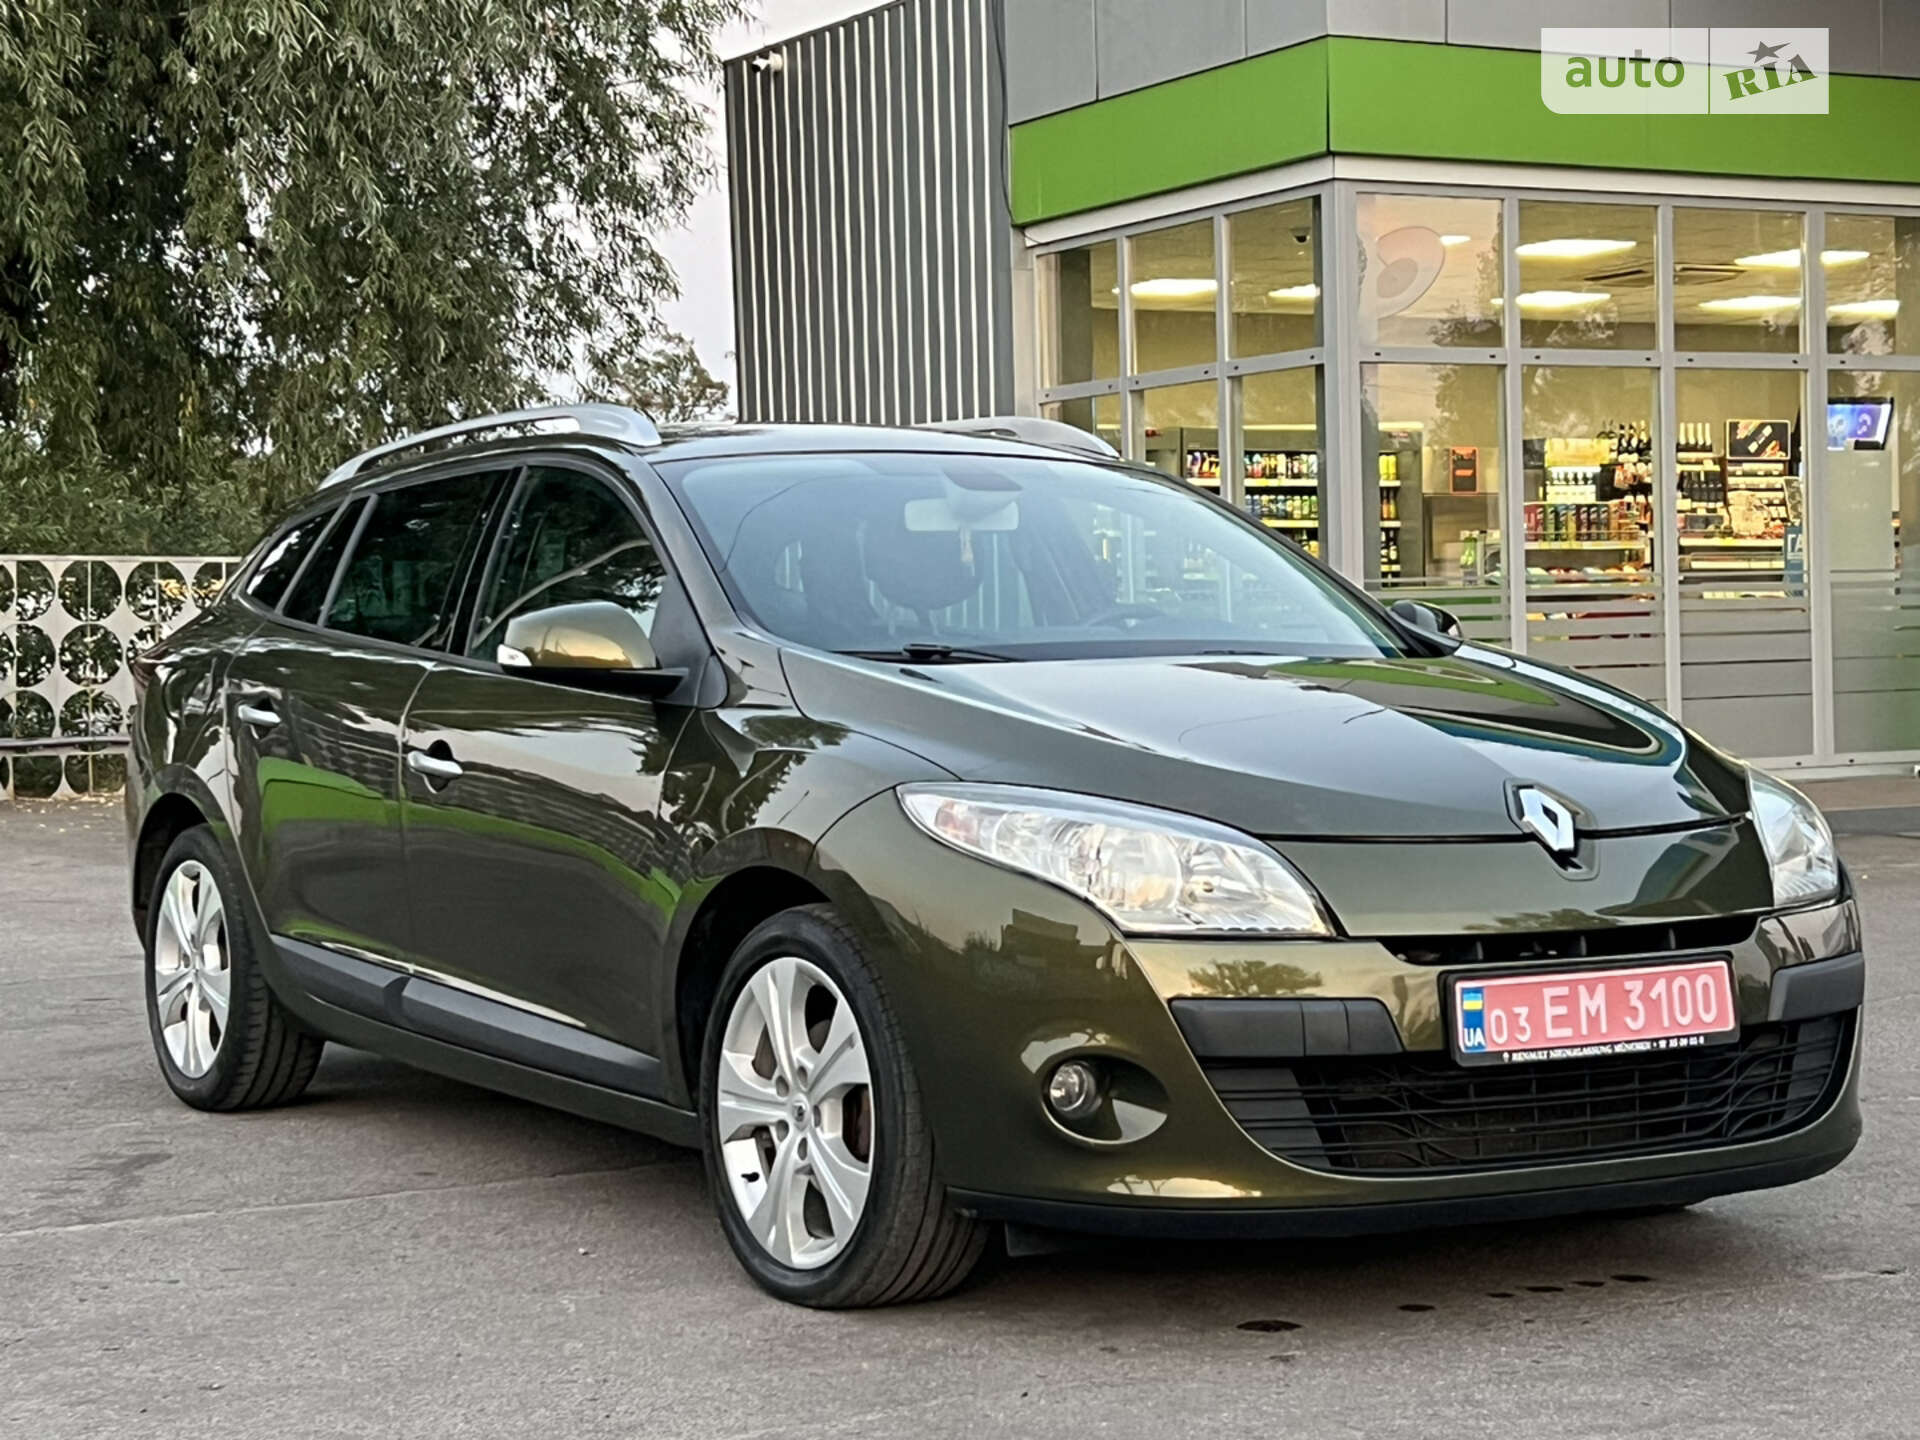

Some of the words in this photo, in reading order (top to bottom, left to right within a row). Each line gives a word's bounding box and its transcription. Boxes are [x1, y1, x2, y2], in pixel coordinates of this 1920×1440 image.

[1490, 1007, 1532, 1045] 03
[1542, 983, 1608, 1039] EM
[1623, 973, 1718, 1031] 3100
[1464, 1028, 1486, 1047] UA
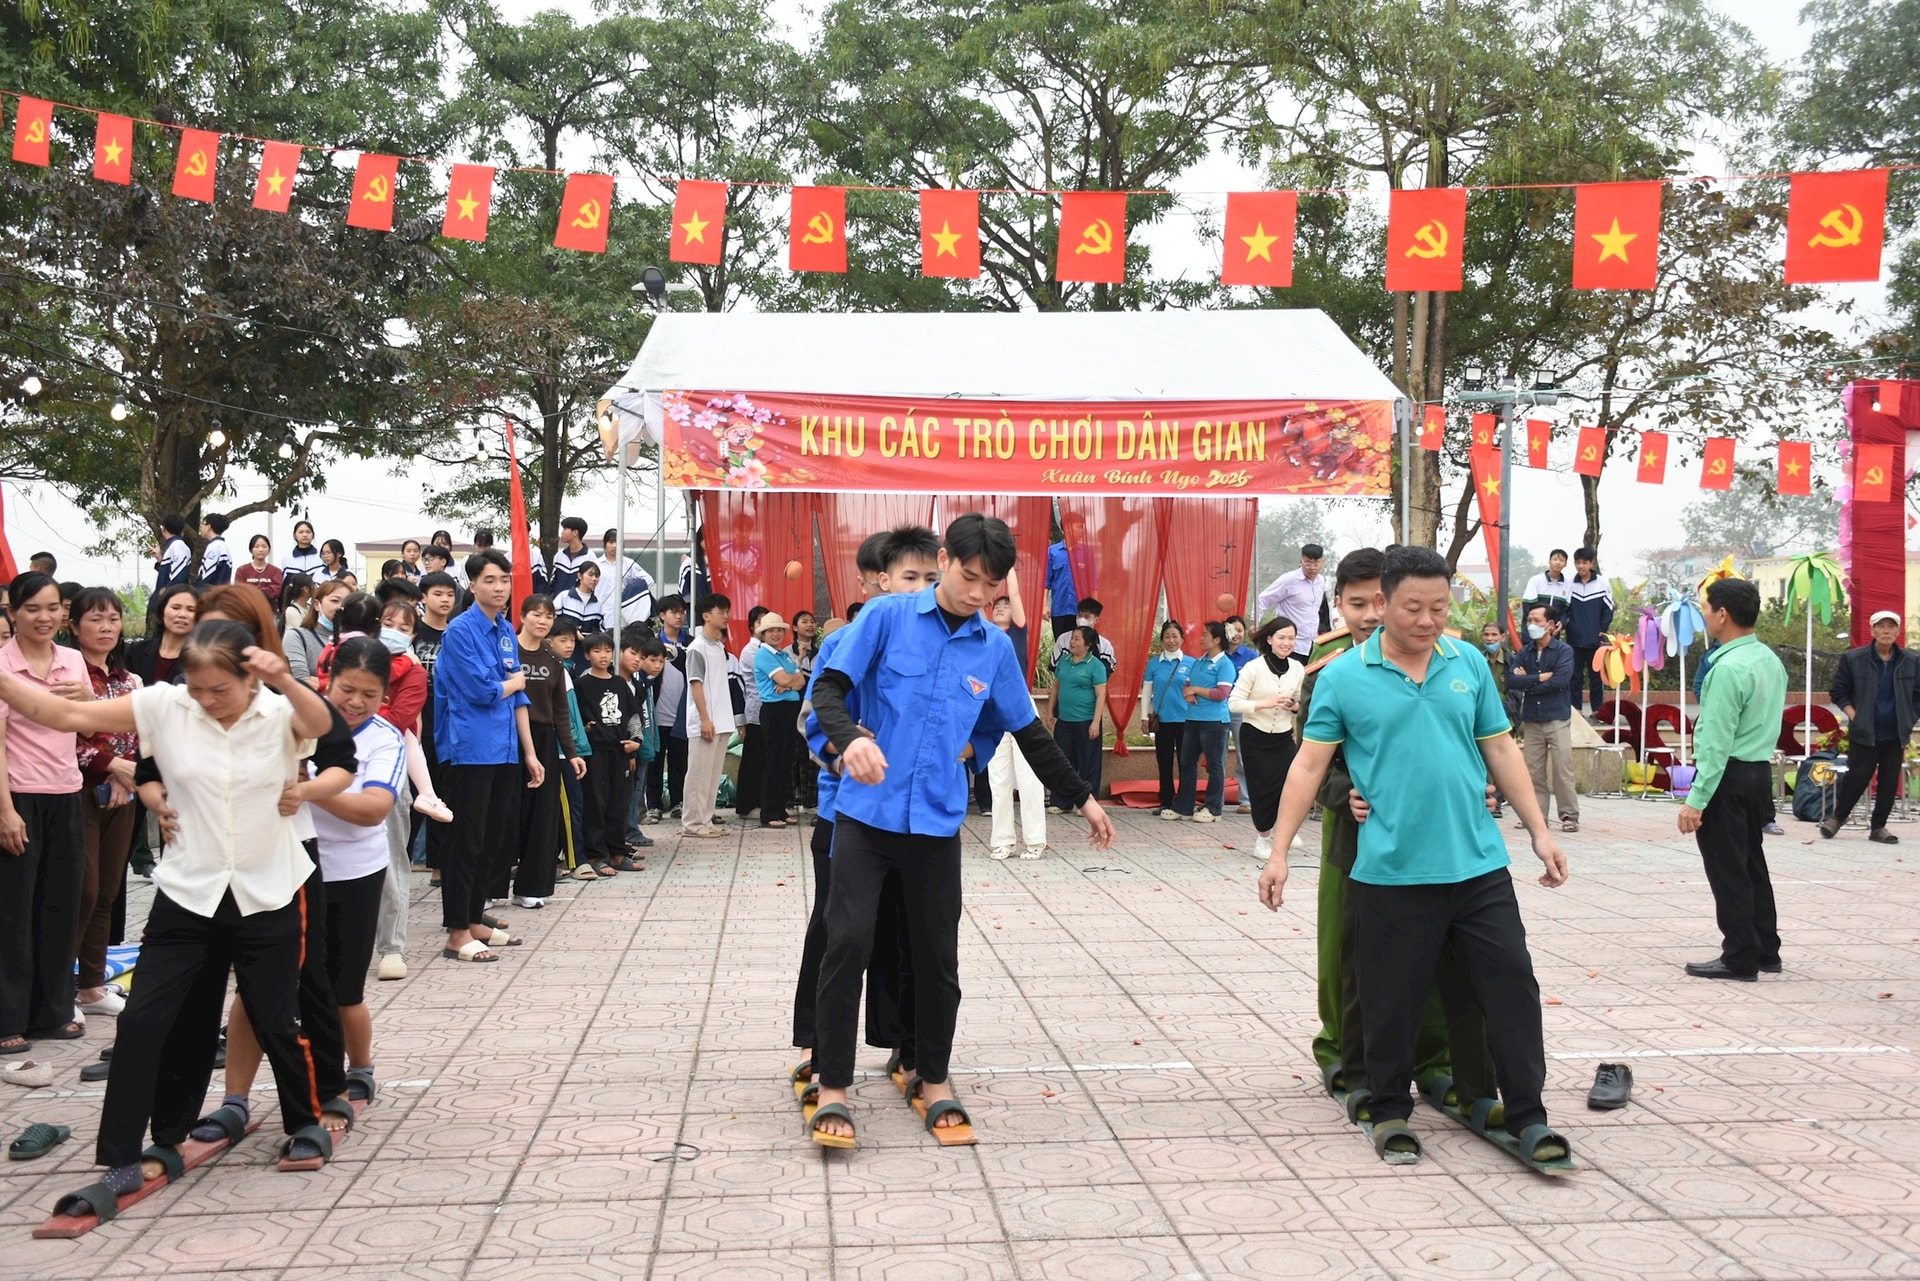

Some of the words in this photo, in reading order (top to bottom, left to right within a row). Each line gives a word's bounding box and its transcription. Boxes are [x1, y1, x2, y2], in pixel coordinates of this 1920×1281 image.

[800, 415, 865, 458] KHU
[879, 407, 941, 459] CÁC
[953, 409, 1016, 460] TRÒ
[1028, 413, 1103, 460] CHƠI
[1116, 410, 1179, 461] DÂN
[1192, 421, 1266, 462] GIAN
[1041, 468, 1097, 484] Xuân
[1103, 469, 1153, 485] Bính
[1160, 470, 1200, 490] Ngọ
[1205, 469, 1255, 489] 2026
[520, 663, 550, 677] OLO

• • • • •

*EXERCISE BRIEF*:
Keep the pictures out of the copy and return the rest of the data above exactly.

*YOUR RESPONSE*:
Some of the words in this photo, in reading order (top to bottom, left to right within a row). Each line gives a word's bounding box and its transcription. Boxes are [x1, y1, x2, y2], in pixel coordinates of this 1920×1440 image.

[1490, 1007, 1532, 1045] 03
[1542, 983, 1608, 1039] EM
[1623, 973, 1718, 1031] 3100
[1464, 1028, 1486, 1047] UA

Some of the words in this photo, in reading order (top to bottom, left to right within a row). Each line gives a word's bounding box and its transcription. Boxes are [x1, y1, x2, y2], in pixel coordinates of this 1920×1281 image.

[800, 415, 865, 458] KHU
[879, 407, 941, 459] CÁC
[953, 409, 1016, 460] TRÒ
[1028, 413, 1103, 460] CHƠI
[1116, 410, 1179, 461] DÂN
[1192, 421, 1266, 462] GIAN
[1041, 468, 1097, 484] Xuân
[1103, 469, 1153, 485] Bính
[1160, 470, 1200, 490] Ngọ
[1205, 469, 1255, 489] 2026
[520, 663, 550, 677] OLO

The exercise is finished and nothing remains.